Case in point: Michigan, which has announced an expected $27 million deficit for the coming year, including a $20 million figure in revenue sharing.
The school said it will make some cuts to its staff and hopes to raise additional money by hosting outside events like concerts, but former Ohio State coach Urban Meyer sees this as the overture to some real problems facing college football in the future.
“One of the best brands and the biggest brands in college sports, the Wolverines, had a 10 percent cut in personnel and are expecting a $25 million loss of money on their budget at the end of the year…
“That, to me… red flags are all over the place on that one,” Meyer said on The Triple Option podcast.
Michigan is looking at making cuts of around $10 million for the upcoming year, including a reduction of its TV revenue and cutting down on travel expenditure.
Taking roster changes into consideration, the school is set to add up to 82 scholarships across 19 sports this year, adding estimated costs of $6.2 million.
It’s a stark reminder of the structural changes facing college sports in the age of revenue sharing, as schools are set to spend up to $20.5 million with athletes, with football players expected to receive the bulk of that figure.
Needing more money means getting creative about finding it.
“Now you’re starting to hear about private equity coming in. You’re starting to hear about the student fees,” Meyer said.
“There’s a couple schools out there that are getting ready to slam the students with a big bill. I can guarantee you the staffs are being challenged. The ADs are being challenged.
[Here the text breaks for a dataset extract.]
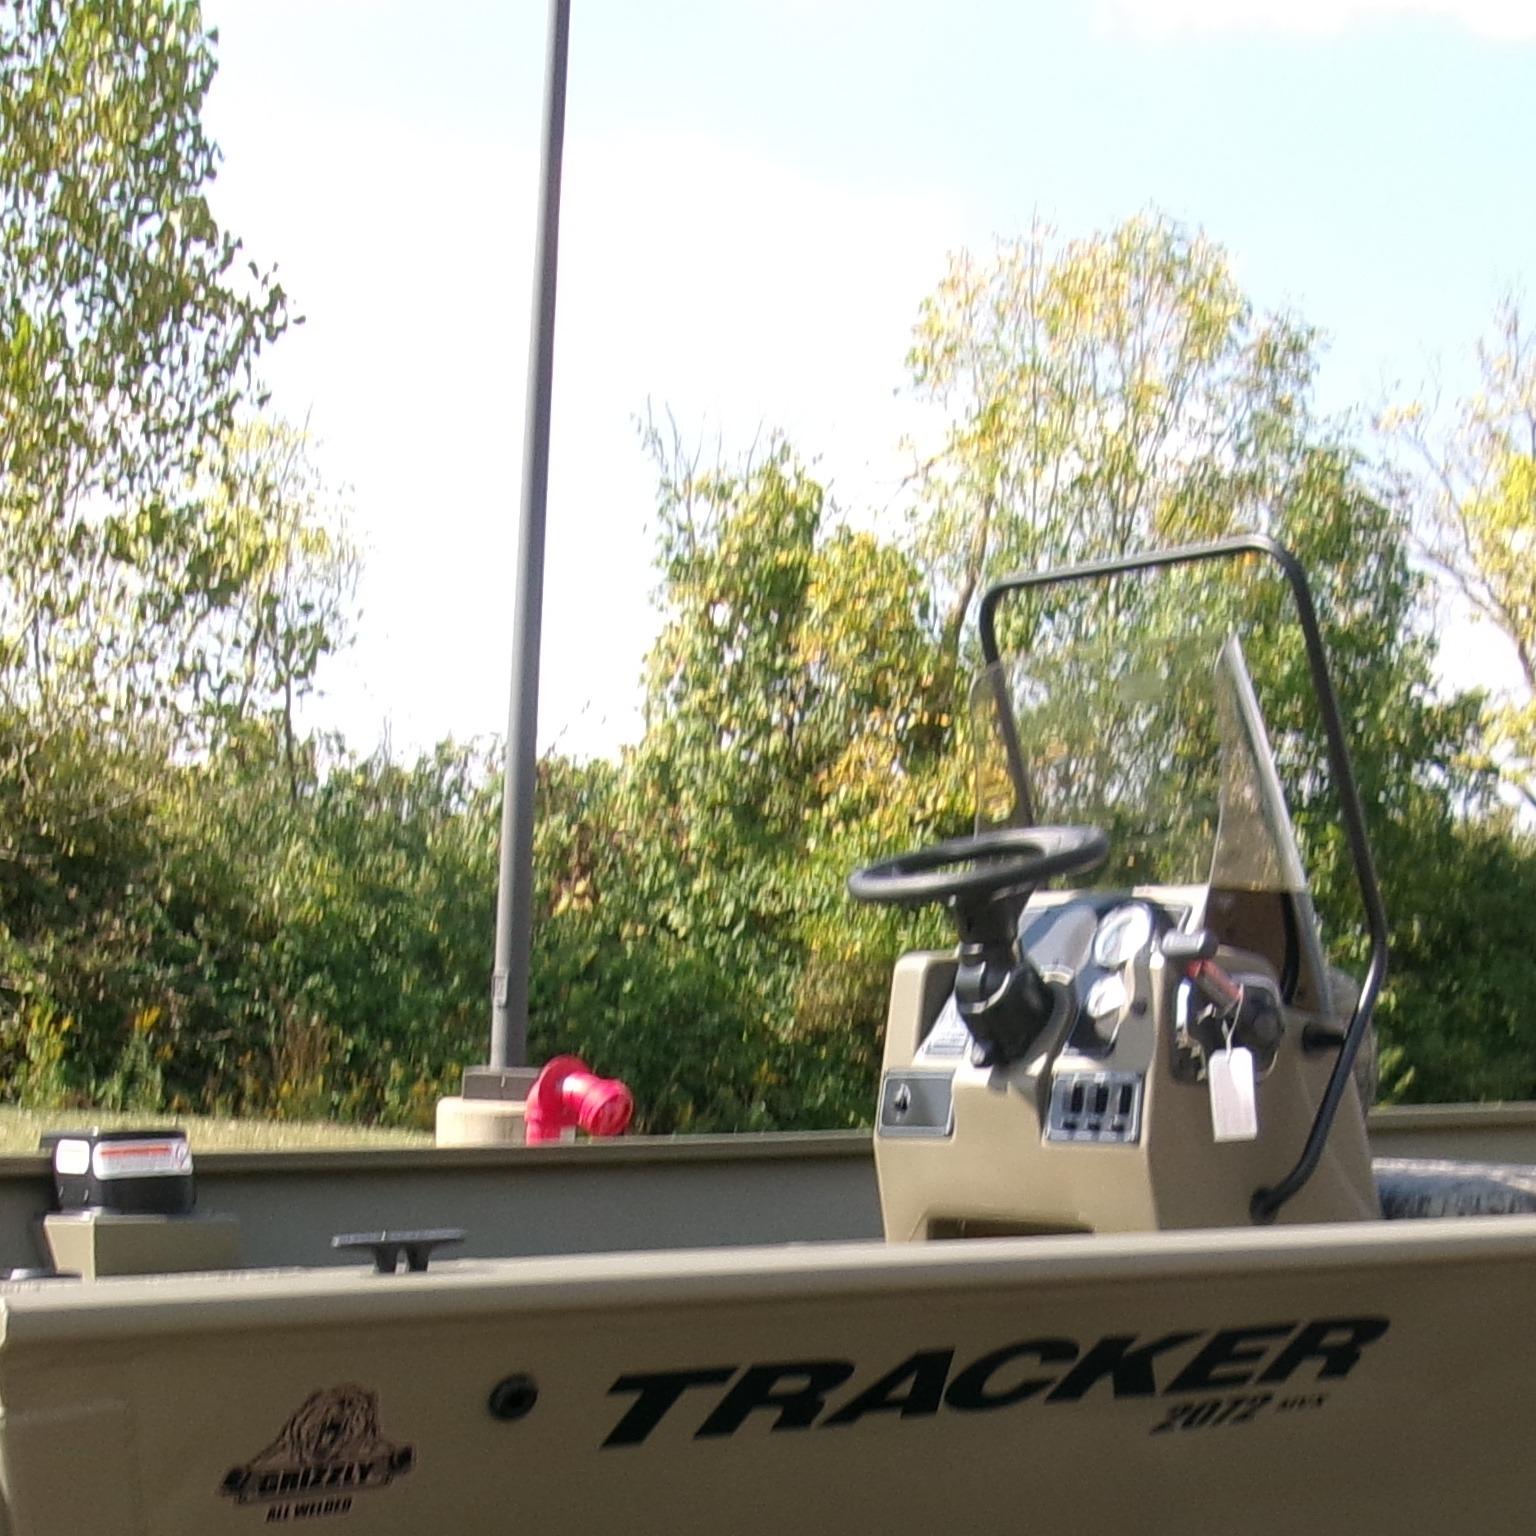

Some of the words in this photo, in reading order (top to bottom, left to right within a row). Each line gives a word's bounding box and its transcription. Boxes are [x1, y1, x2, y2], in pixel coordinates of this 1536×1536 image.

[599, 1315, 1390, 1450] TRACKER
[1149, 1391, 1274, 1435] 2072
[258, 1463, 373, 1492] GRIZZLY
Creativity is gonna be the word of the day on how to raise revenue.”
We already saw a preview of what that creativity might entail, when it emerged that LSU is considering selling advertisements that will be sewn into its football players’ jerseys.
SEC commissioner Greg Sankey seemed resigned to the fact that such moves will be necessary for some programs going into the future in an effort to raise money.
“We’ve had jersey patches in bowl games,” Sankey has said.
“I would anticipate there’s going to be a continuing push (for new revenues), and we’re going to have to come to some agreement in this new environment on where those limits exist.”
That idea has naturally aroused some intense negative reaction from fans, but as schools face ever-greater pressure to locate more money, any possible solution will be on the table.